His honors include a Guggenheim fellowship, Titulaire de la Chaire Solvay at Universite Libre de Bruxelles, a MERIT award from the NIH, the Pioneer award from the IEEE Neural Networks Council, Spinoza Lecturer at the University of Amsterdam, a lifetime achievement award from the University of Salerno Medical School and the Helmholtz Lifetime Achievement Award from the International Neural Network Society, among many others. He was an honorary professor at Fudan University in Shanghai and Zhejiang University in Hangzhou.
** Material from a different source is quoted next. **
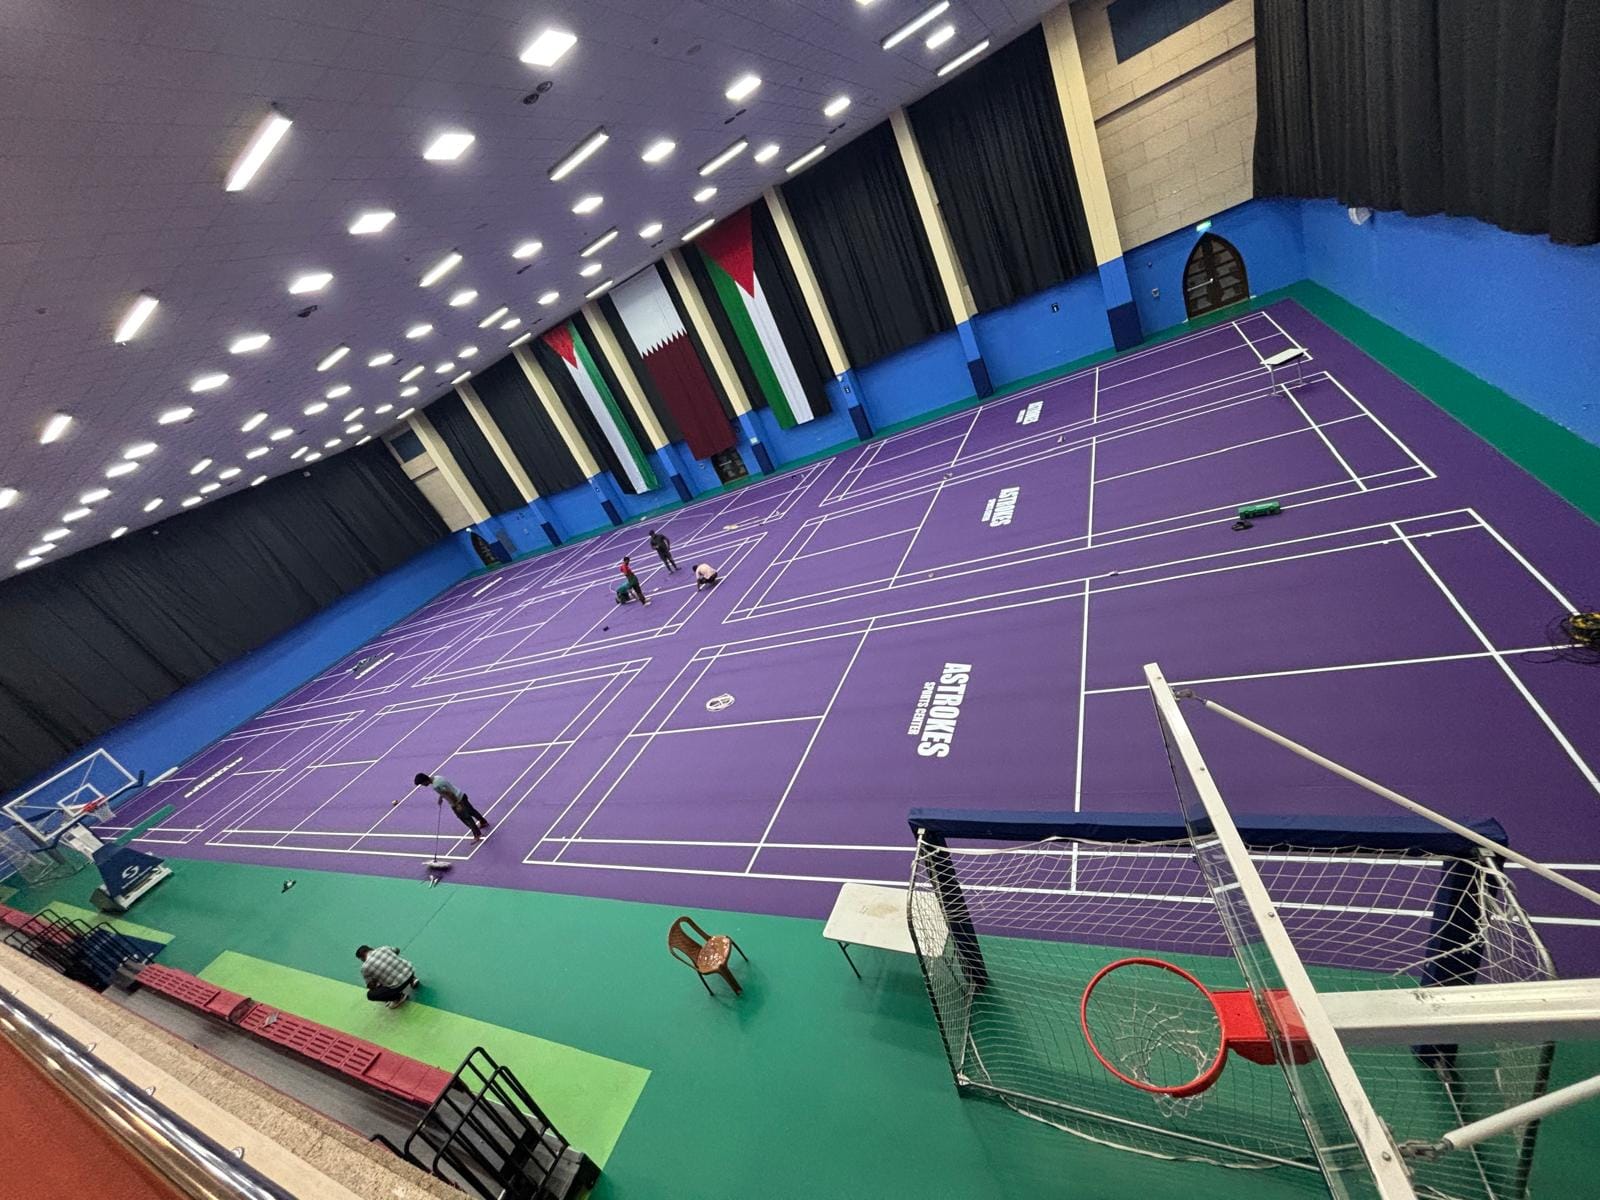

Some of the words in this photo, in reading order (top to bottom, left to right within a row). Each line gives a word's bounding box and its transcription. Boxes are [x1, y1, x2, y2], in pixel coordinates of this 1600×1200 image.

[917, 681, 936, 708] SPORTS
[907, 708, 927, 735] CENTER
[917, 662, 973, 758] ASTROKES
Freeman pursued his personal life as vigorously and passionately as his work, said his daughter, Abigail Karin. “His colleagues, friends and family were thrown together in a chaotic tumbling collection of ideas, love and fellowship. He held these together with intentionality, turning this fellowship into a fabric of his own vision. His charismatic and rebellious spirit could infuriate, inspire and ignite those who crossed his path.”

He was a member and contributor to the Bay Area Rock Art Research Association, where he and his fellows hunted for petroglyphs in California, Mexico and remote enclaves around the world.

He was preceded in death by his wife, Doreliesje “Do” Freeman, and is survived by seven children – Luke, of Australia, and Abigail, Mathew, Walter IV, Rachael, Joran and Jennifer – five stepchildren – Mark, Tom, Kim, Rachel and Toni – his first wife, Maribelle Zechlin, and 18 grandchildren.